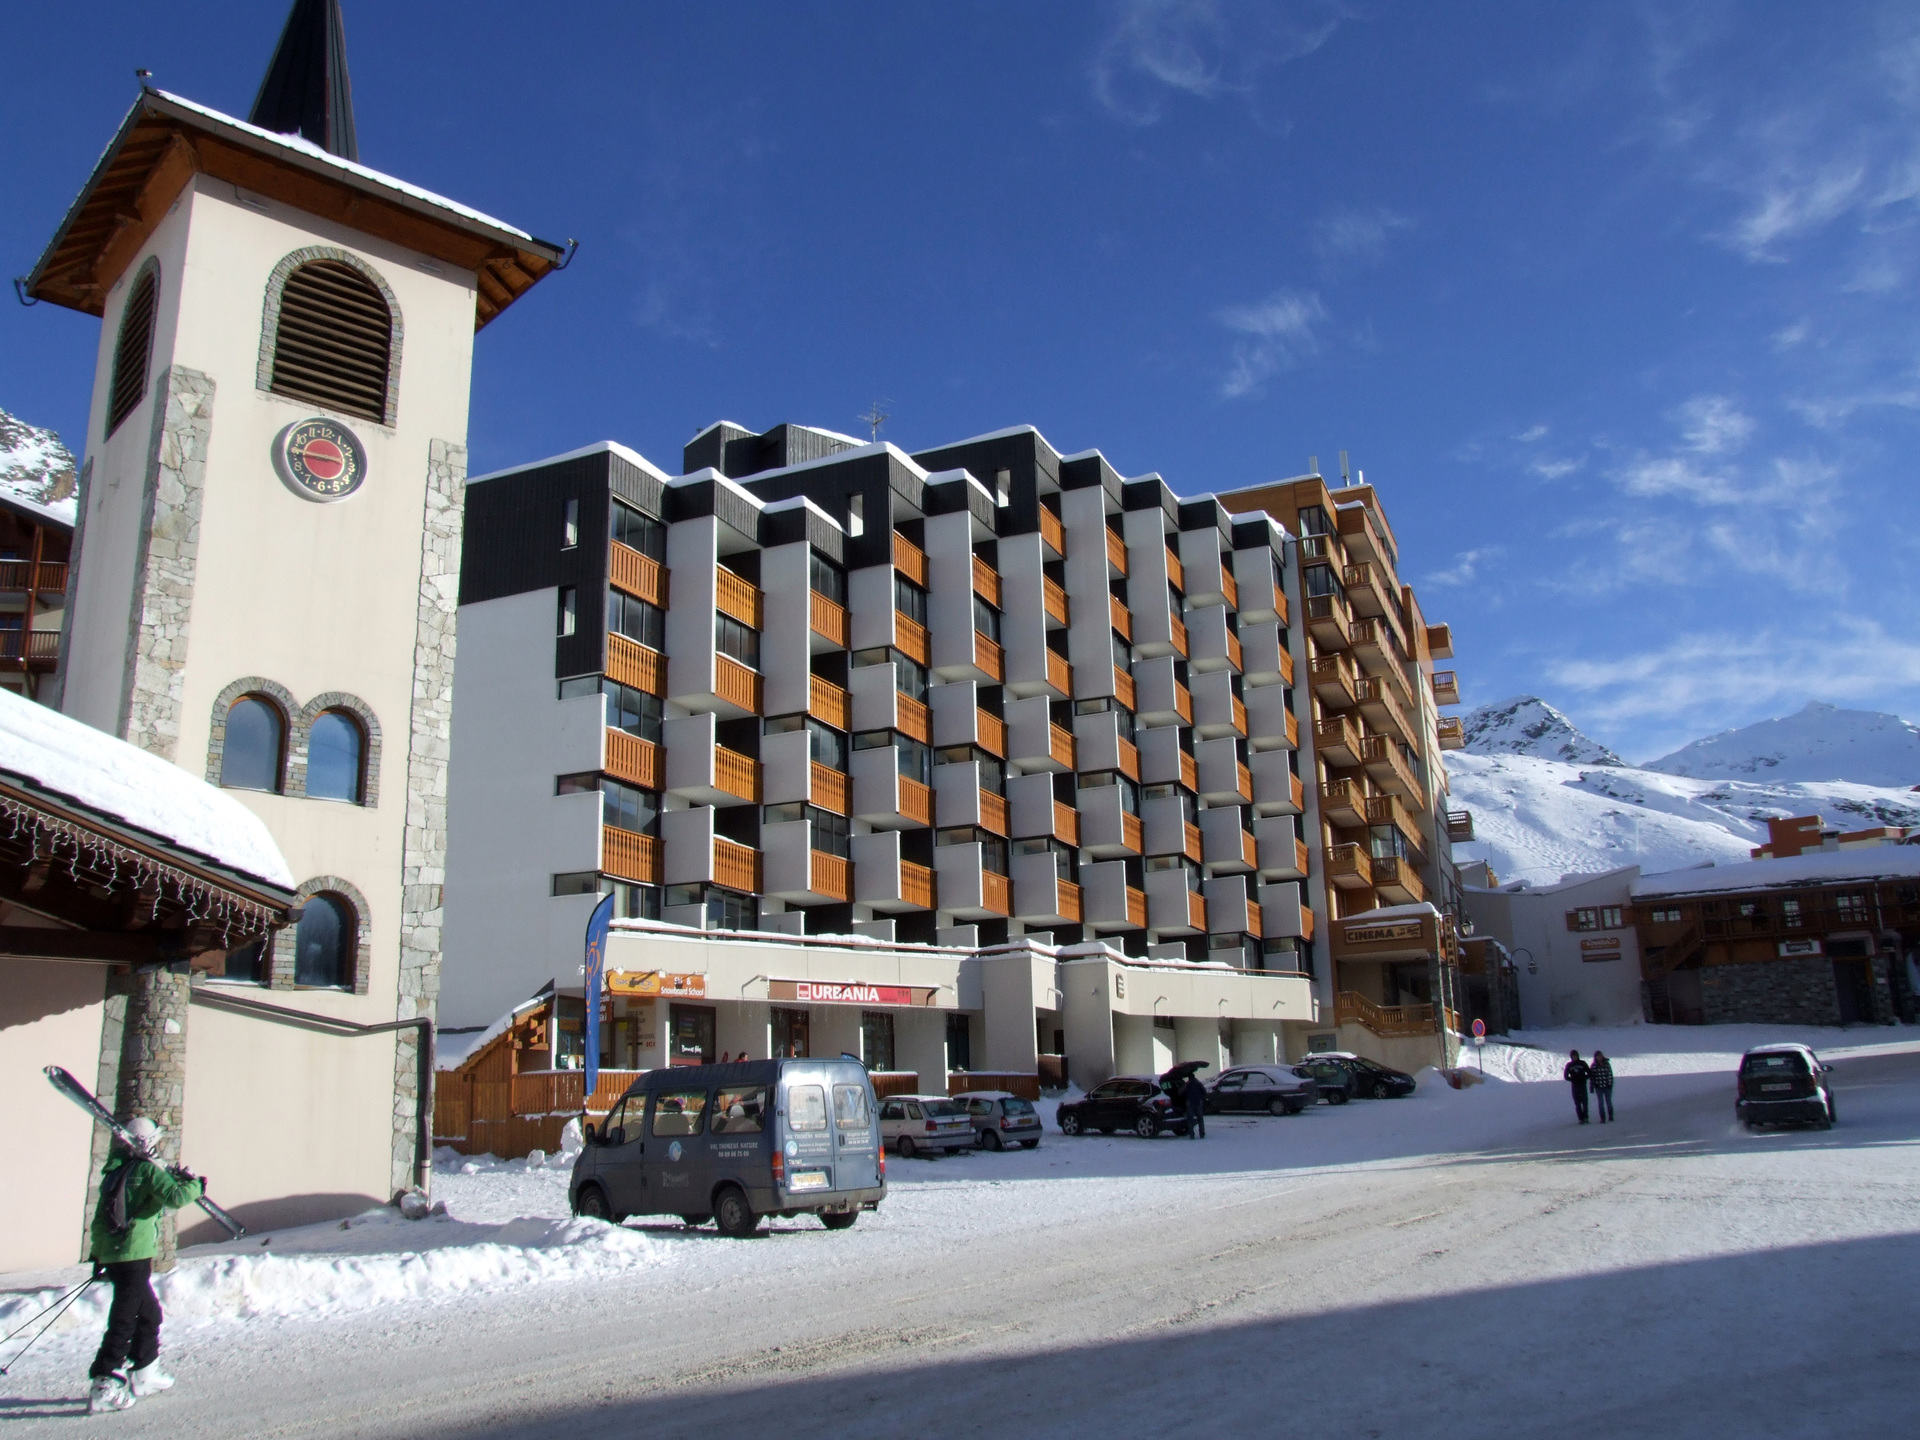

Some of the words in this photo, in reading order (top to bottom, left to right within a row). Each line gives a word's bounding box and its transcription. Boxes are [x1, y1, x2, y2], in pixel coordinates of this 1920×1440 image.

[321, 427, 332, 438] 12
[1348, 929, 1394, 941] CINEMA
[661, 986, 688, 995] Snowboard
[688, 987, 704, 996] School
[812, 985, 879, 1001] URBANIA

__________________________________________________

_Task item_:
Every word of the material, and none of its pictures, should be set down again.

_Written response_:
Some of the words in this photo, in reading order (top to bottom, left to right within a row). Each line gives a word's bounding box and its transcription. Boxes are [x1, y1, x2, y2], in pixel coordinates of this 1920×1440 image.

[321, 427, 332, 438] 12
[1348, 929, 1394, 941] CINEMA
[661, 986, 688, 995] Snowboard
[688, 987, 704, 996] School
[812, 985, 879, 1001] URBANIA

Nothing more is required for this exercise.